Posiblemente podamos encontrar más casos como el de mi jugador. Entrenadores que cuando se hacen cargo de un equipo en categorías de base miran a sus jugadores y al más alto lo ponen a jugar de pívot y al más pequeño lo hacen jugar de base. Con esta decisión muestran un total desconocimiento de lo que tienen entre manos. O lo saben pero no le dan ninguna importancia porque su prioridad es totalmente resultadista. No hay ningún análisis de la situación ni miramos por el futuro de los jugadores.

La primera cuestión que debemos plantearnos es que en categorías de base (con menos edad con mucha más razón) todos los jugadores deben saber hacer de todo. Y cuando hablo en hacer de todo pienso en tirar, pasar, botar y correr la cancha.
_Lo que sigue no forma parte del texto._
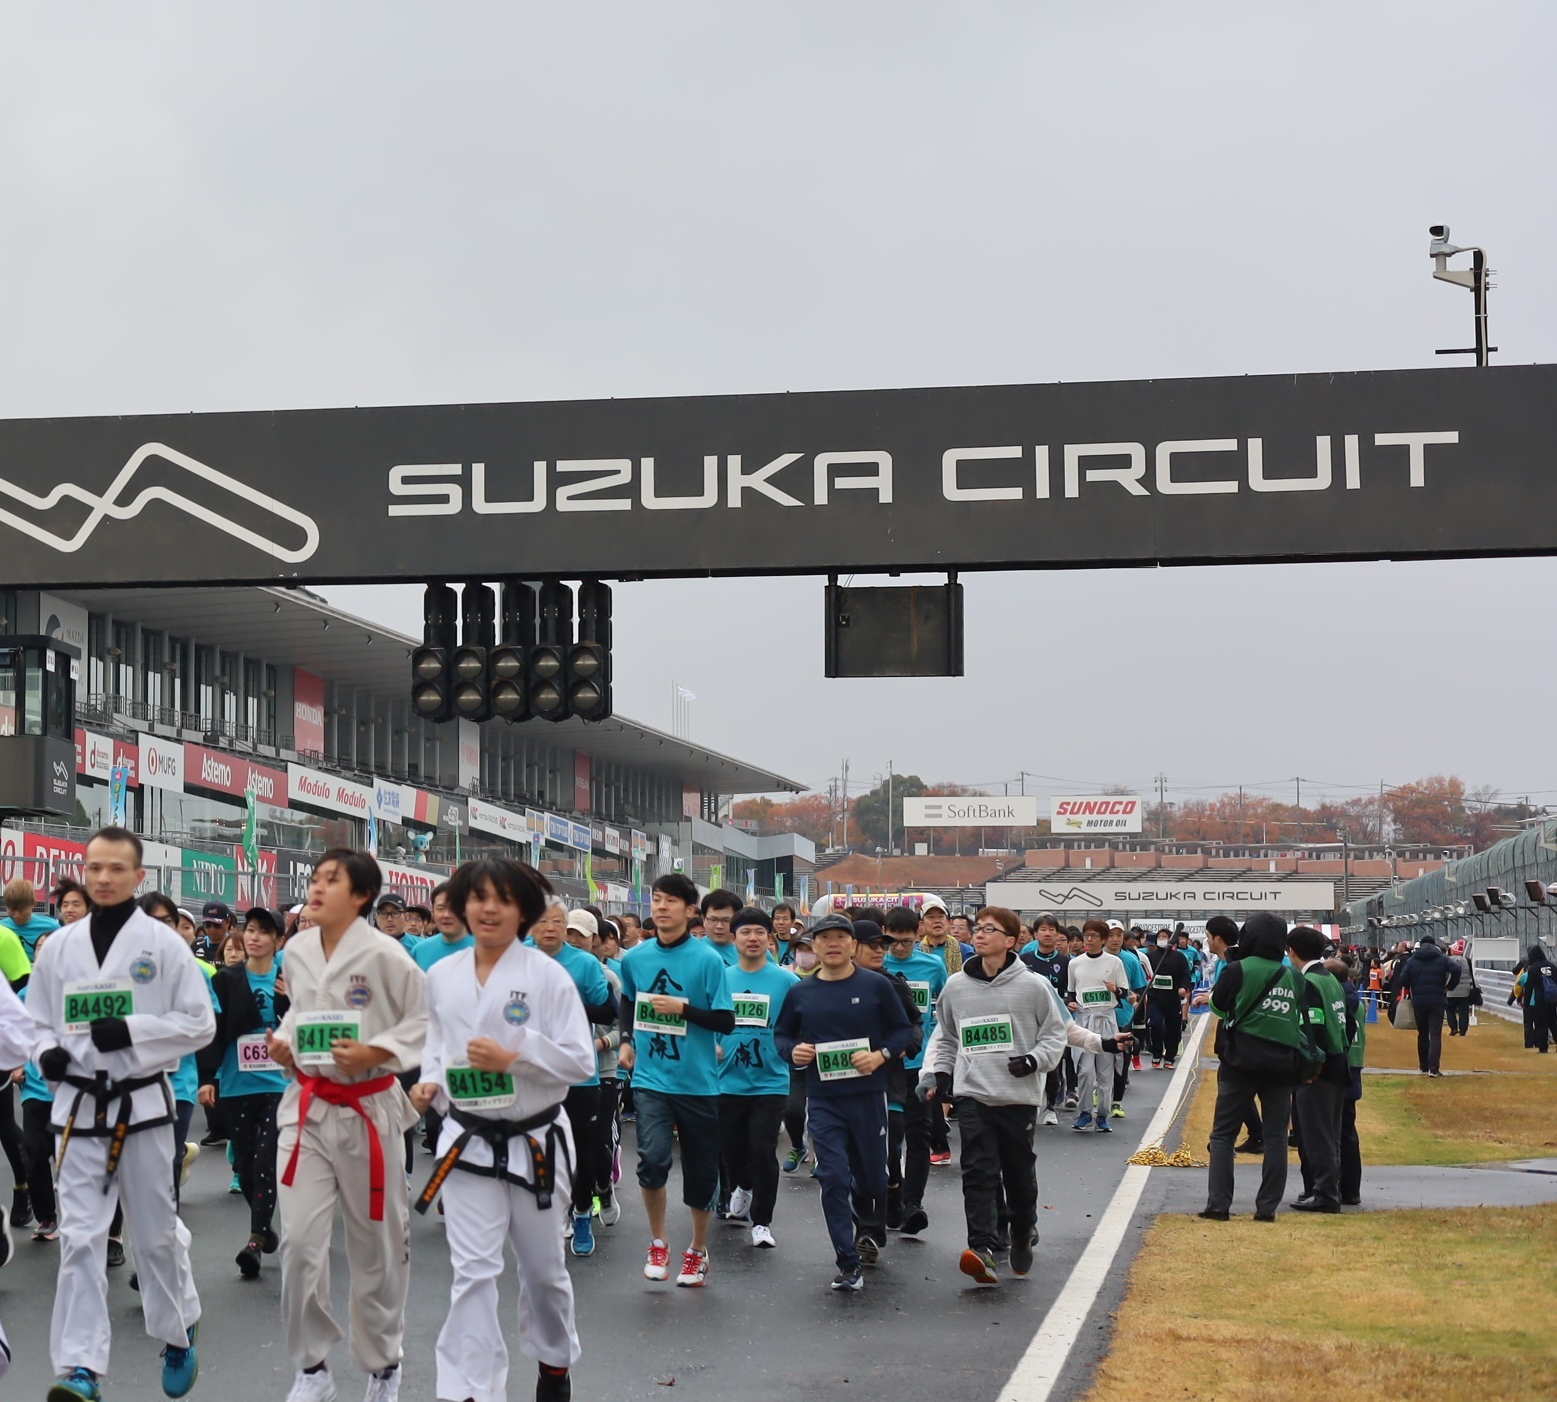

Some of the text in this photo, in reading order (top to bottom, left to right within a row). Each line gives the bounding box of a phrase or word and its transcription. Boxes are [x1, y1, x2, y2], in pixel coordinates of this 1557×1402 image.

[388, 430, 1459, 517] SUZUKA CIRCUIT
[295, 701, 323, 728] HONDA
[158, 754, 176, 776] MUFG
[200, 752, 232, 788] Astemo
[246, 766, 275, 800] Astemo
[298, 775, 367, 810] Modulo Modulo
[947, 804, 1016, 819] SoftBank
[1055, 800, 1137, 815] SUNOCO
[1086, 818, 1128, 828] MOTOR OIL
[1114, 890, 1282, 901] SUZUKA CIRCUIT
[69, 994, 127, 1019] B4492
[734, 1003, 764, 1017] 4126
[1261, 998, 1291, 1014] 999
[965, 1025, 1007, 1044] B4485
[448, 1070, 507, 1095] B4154
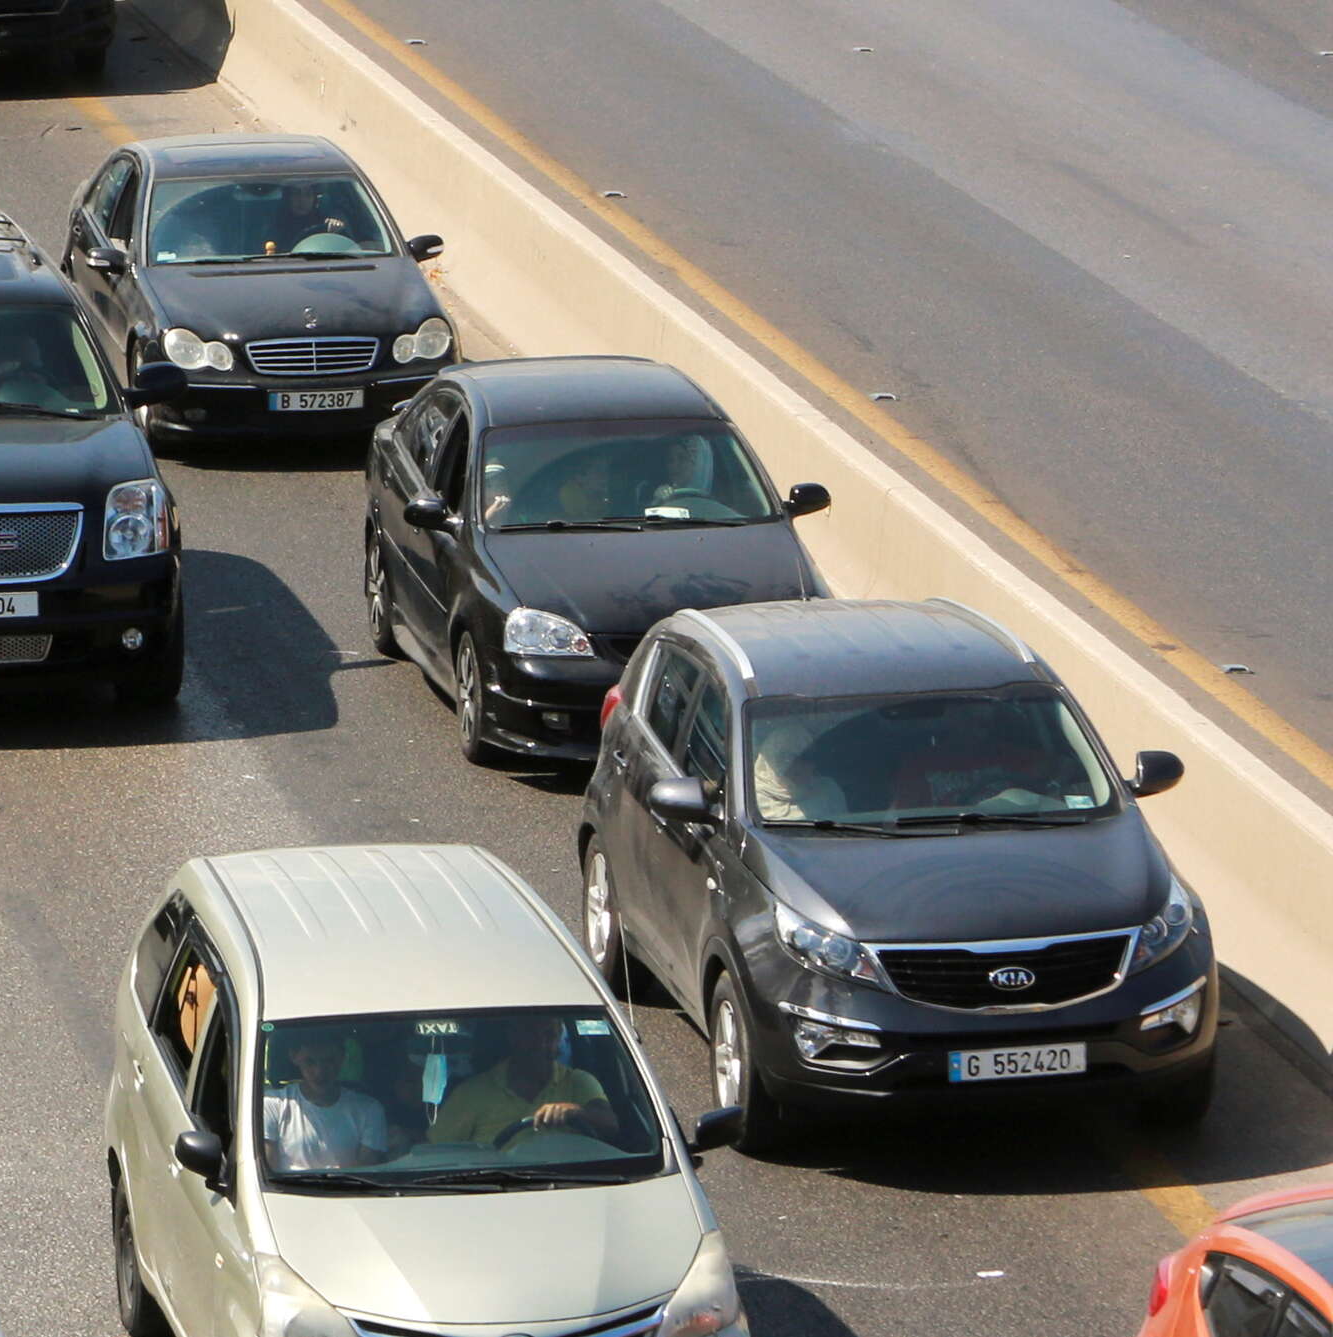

Si encima somos capaces de hacerlos defender, entonces nuestro trabajo es de sobresaliente. No hay que definir posiciones. Todos deben jugar de base y subir el balón; todos deben conocer el poste bajo como posición ofensiva. ¿Cuántas horas entrenamos en una temporada? ¿Cuántos partidos jugamos? ¿No hay horas de entreno y de juego para que todos nuestros jugadores algún día puedan subir el balón?

Antes de decirle a un jugador que va a jugar de pívot por ser el más alto debemos evaluar su cuerpo. Que sea ahora el más alto no quiere decir que lo vaya a ser dentro de unos años. Lo mismo no crece más y entonces nos encontramos con que ese chico llega a júnior, debe jugar como un exterior y no tiene fundamentos técnicos para hacerlo. Lo matamos deportivamente.

Debemos definir qué es ser alto en baloncesto. Imaginaos por un momento que tenemos la certeza de que ese jugador será alto en un futuro y medirá dos metros. Es que con dos metros, si quiere jugar en EBA (cuarta categoría del baloncesto español), tendrá que hacerlo como exterior.
Luka Doncic está maravillando a Europa. El chico tiene un talento descomunal impropio de su edad y la enorme suerte de que sus entrenadores en categorías inferiores lo han hecho trabajar y jugar para ser un exterior. Por eso ahora es capaz con 17 años y dos metros de jugar como base minutos importantes en partidos de Euroleague.

Todos alucinamos viendo los fundamentos técnicos de Pau Gasol. Yo vi cómo Joaquín Costa, en el júnior del Barcelona, lo hacía jugar como exterior con dos catorce de altura toda la temporada, sufriendo para defender a jugadores que medían 1.80. Finalmente, en el campeonato de España jugó de cuatro pero, ¿cuántos minutos durante aquella temporada trabajó como exterior mejorando sus fundamentos técnicos? Ahora en la NBA lo ves botar , tirar o pasar el balón como un base. Sin duda Pau tiene un enorme talento, pero también muchas horas de trabajo y de no comprender por qué su entrenador lo hacía sufrir defendiendo a jugadores que le llegaban al ombligo. Él debe estar agradecido a aquellos entrenadores.

Puede darse el caso de que tengamos en nuestro equipo algún jugador con posibilidades en un futuro. Si no lo tenemos, tampoco pasa nada. Pensemos en qué posición podría jugar ese chico en un futuro cuando sea senior. Planifiquemos todo el trabajo en función de ese chico. Sin miedo. Sus compañeros también van a salir beneficiados en conocimientos y técnica individual. Seamos valientes haciéndole subir el balón aunque sea más alto que otros. O que defienda a chicos más rápidos. Seguro que en un principio esto nos puede limitar la posibilidad de ganar pero seguro que eso es sólo en un principio. Trabajemos para él, hagámoslo crecer como jugador y a sus compañeros con él. Definirlo pronto como jugador nos define a nosotros como malos entrenadores de formación.